Maklum, Amara tidak punya anak perempuan. 34 tahun pernikahan, dia hanya dikaruniai dua putra, yaitu Zain dan juga Zeshan. Ingin punya anak banyak, tapi memang Tuhan tidak lagi memberikan kesempatan. Kebetulan, sang suami juga memang tidak terlalu menginginkan karena Syakil tidak memegang prinsip banyak anak banyak rezeki.
Jadi, wajar saja ketika Zain mendatangkan Nadin dia tampak bahagia sekali. Seolah kurang waktu untuk berbagi cerita, di meja makan juga masih bersuara hingga sang suami memintanya diam sebentar saja.
"Makan dulu, ceritanya lanjut nanti ... lihat, dari tadi menantumu bahkan belum makan satu suap pun, Amara."
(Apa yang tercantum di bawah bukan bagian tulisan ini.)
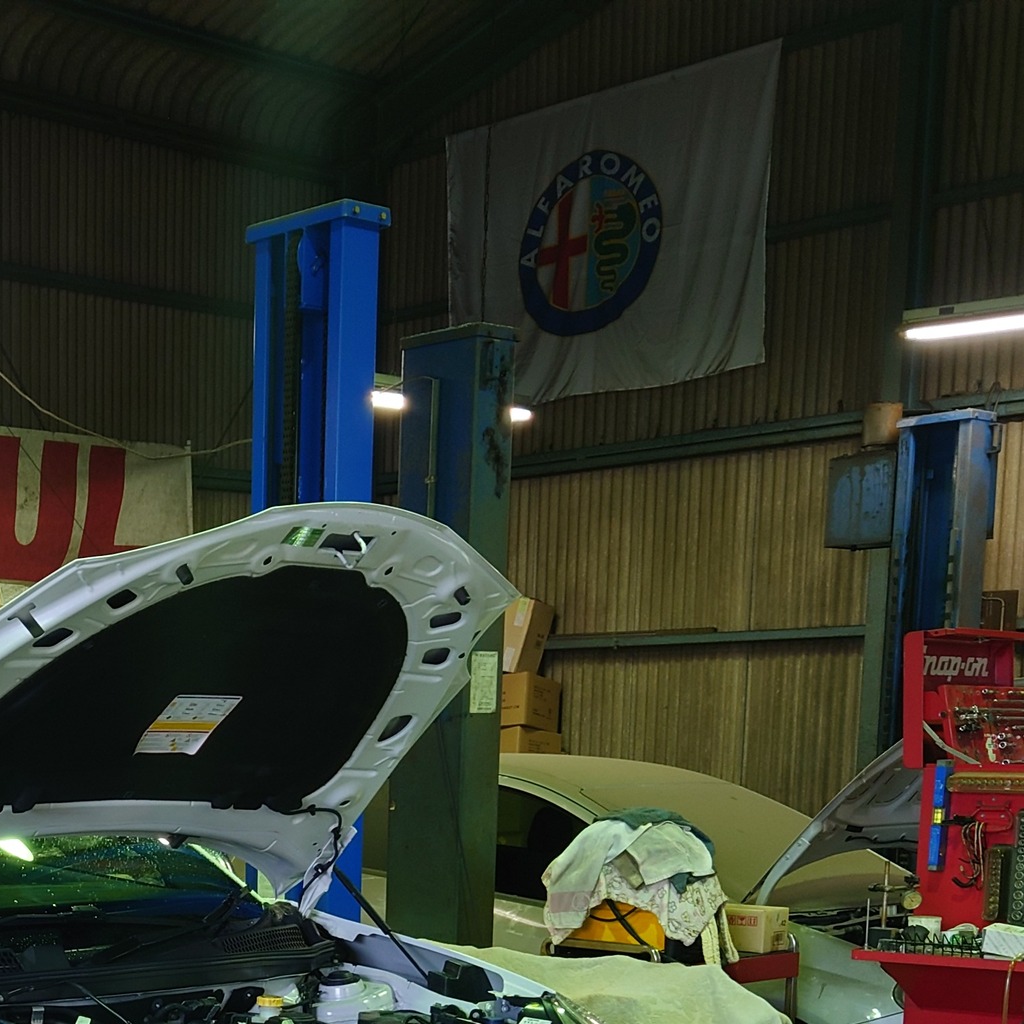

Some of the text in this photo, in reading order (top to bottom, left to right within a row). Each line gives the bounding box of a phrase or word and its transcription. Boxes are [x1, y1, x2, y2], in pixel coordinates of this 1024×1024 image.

[520, 152, 661, 268] ALFA ROMEO
[923, 645, 989, 682] nap-on
Mendengar ucapan sang suami, barulah Amara sadar. "Ya ampun, mommy terlalu bersemangat, ayo makan, Sayang."
.
.
Sikap Syakil pada Zain terus bertahan, hingga selesai makan malam dia berdiri dan menatap Zain lagi. Masih dengan tatapan penuh amarah, Nadin sampai turut ciut dibuatnya.
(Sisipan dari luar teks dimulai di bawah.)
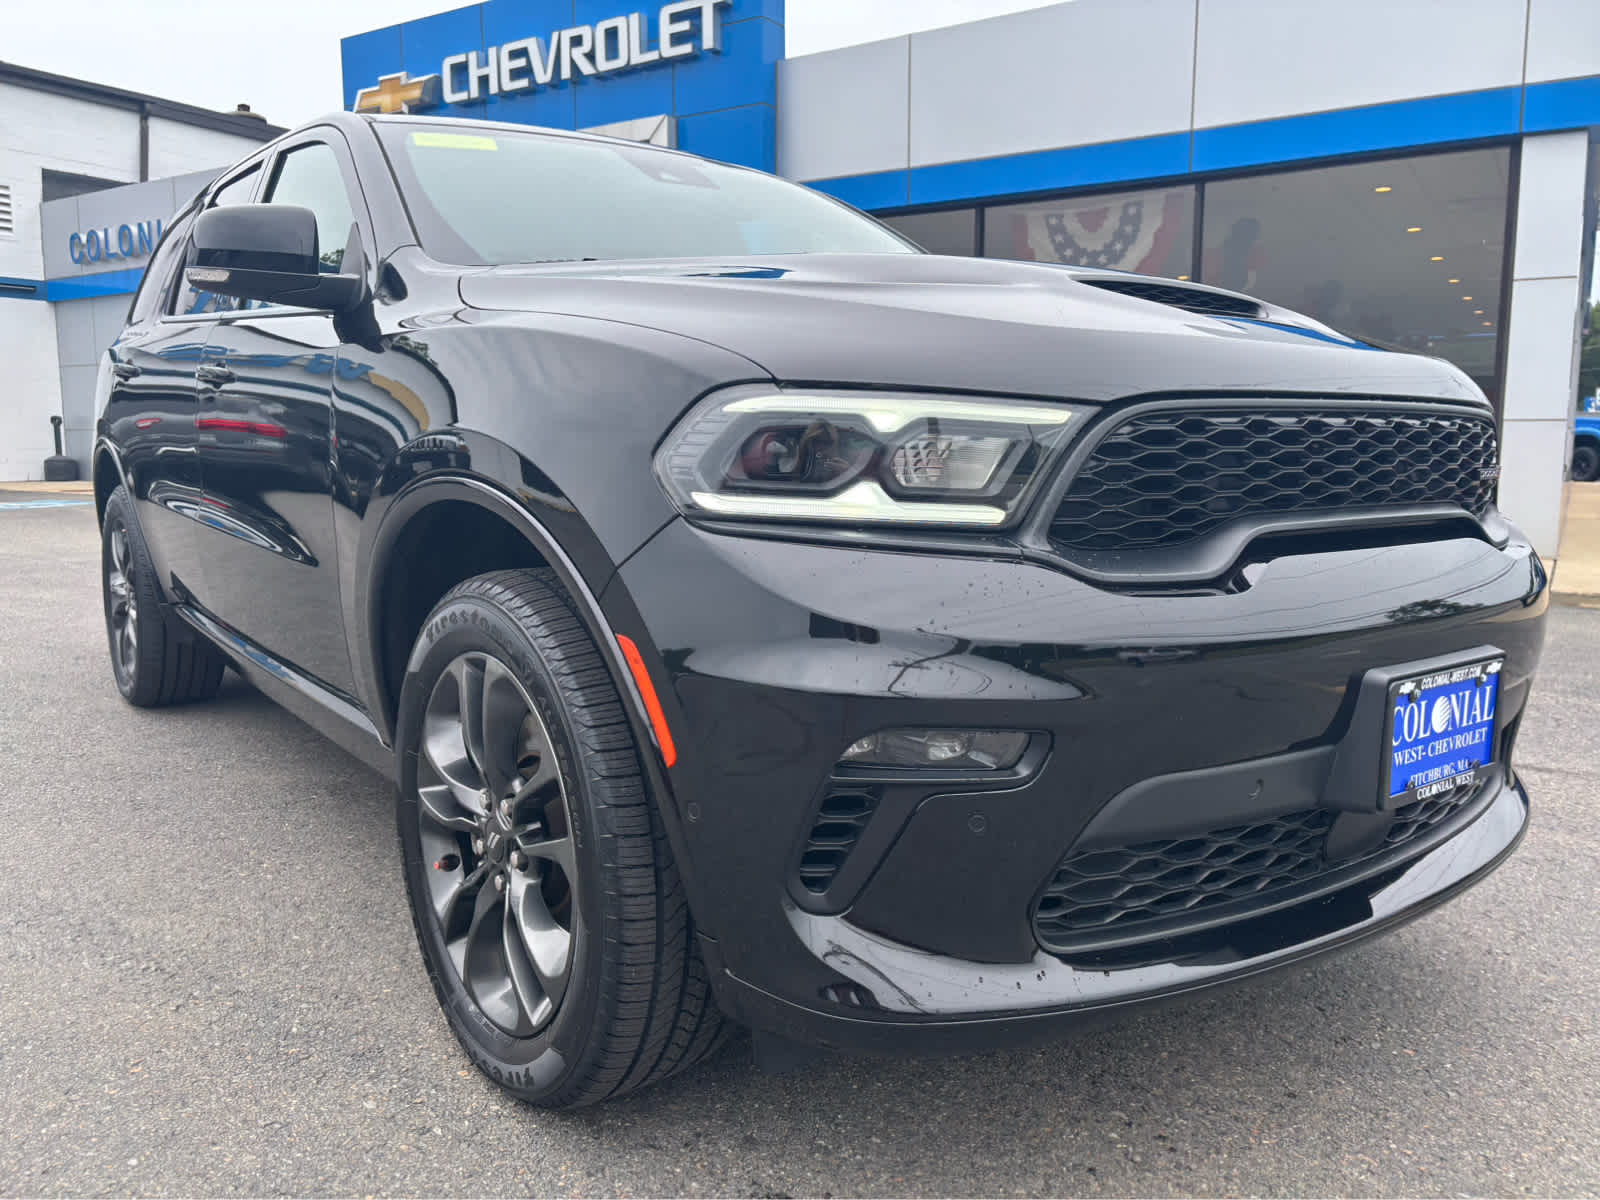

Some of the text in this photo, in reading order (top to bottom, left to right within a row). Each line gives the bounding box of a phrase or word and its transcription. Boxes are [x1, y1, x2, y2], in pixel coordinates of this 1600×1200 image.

[441, 0, 731, 104] CHEVROLET
[1420, 665, 1482, 690] COLONIAL-WEST.COM
[1392, 685, 1495, 746] COLONIAL
[1416, 771, 1475, 800] COLONIAL WEST
"Ikut Daddy, kita perlu bicara."
Suaranya terdengar berbeda, Zain menatap mommy-nya sebagai bentuk permohonan minta dilindungi. Namun, saat ini agaknya Mommy Amara tidak punya cara lain, dia menepuk pundak Zain dan memerintahkan untuk mengikuti perintah Syakil segera.
Tak bisa lagi menghindar, Zain menarik napas dalam-dalam dan menatap Nadin yang juga tampak cemas malam ini. "Sayang duluan ke kamar ya, kerjakan apa yang harus dikerjakan," pamit Zain mengusap puncak kepala sang istri begitu pelan, berusaha menenangkan, tapi dia juga panas dingin sejujurnya.
Dia berlalu dengan langkah panjang menuju ruang kerja Daddy-nya. Sesekali menoleh dan Nadin tampak terus memandangnya. Seumur hidup, baru sekarang Zain takut ketika menemui Daddy-nya.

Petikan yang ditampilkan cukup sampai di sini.